THE DATA.
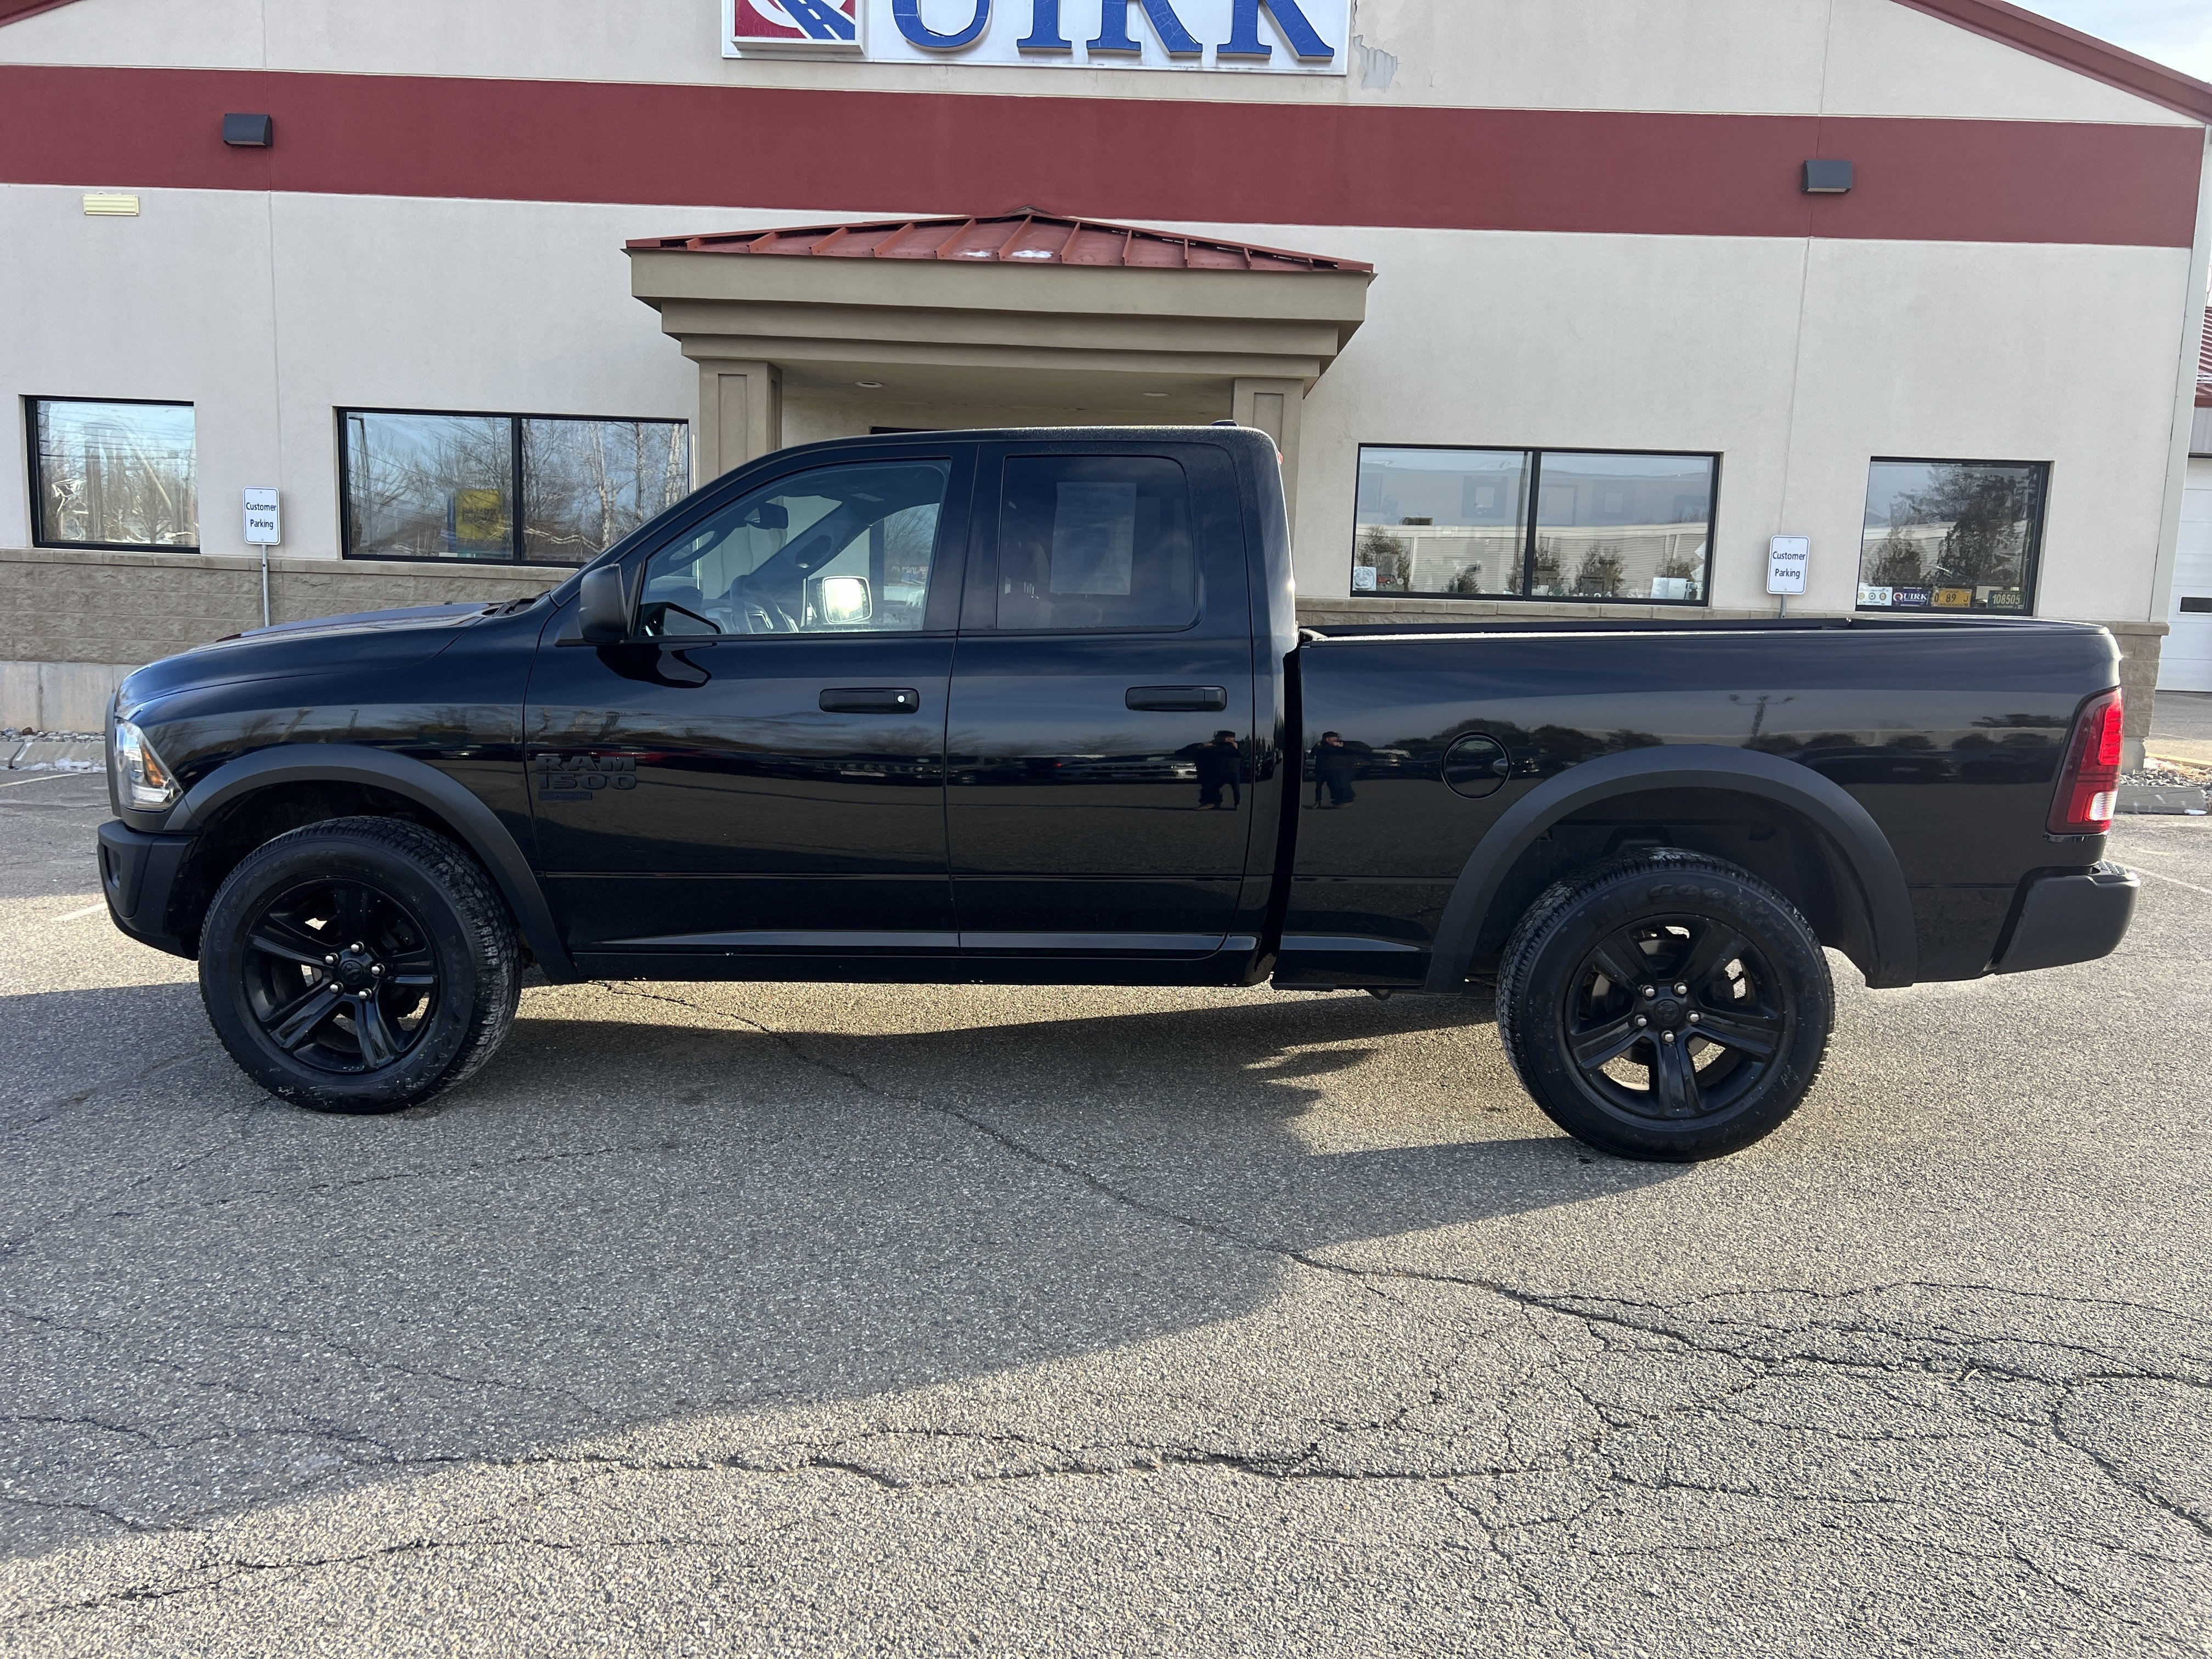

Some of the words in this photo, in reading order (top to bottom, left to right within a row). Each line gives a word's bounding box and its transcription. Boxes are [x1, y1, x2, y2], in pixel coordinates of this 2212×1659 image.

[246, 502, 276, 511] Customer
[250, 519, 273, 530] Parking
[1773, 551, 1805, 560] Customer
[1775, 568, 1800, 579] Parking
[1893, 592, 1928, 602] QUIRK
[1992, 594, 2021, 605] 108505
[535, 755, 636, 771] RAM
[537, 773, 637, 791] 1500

REQUIRED ACTION.
Return all of the entries word for word, but omit the pictures.

SOLVED PROBLEM.
Some of the words in this photo, in reading order (top to bottom, left to right within a row). Each line gives a word's bounding box and its transcription. Boxes are [x1, y1, x2, y2], in pixel coordinates of this 2212×1659 image.

[246, 502, 276, 511] Customer
[250, 519, 273, 530] Parking
[1773, 551, 1805, 560] Customer
[1775, 568, 1800, 579] Parking
[1893, 592, 1928, 602] QUIRK
[1992, 594, 2021, 605] 108505
[535, 755, 636, 771] RAM
[537, 773, 637, 791] 1500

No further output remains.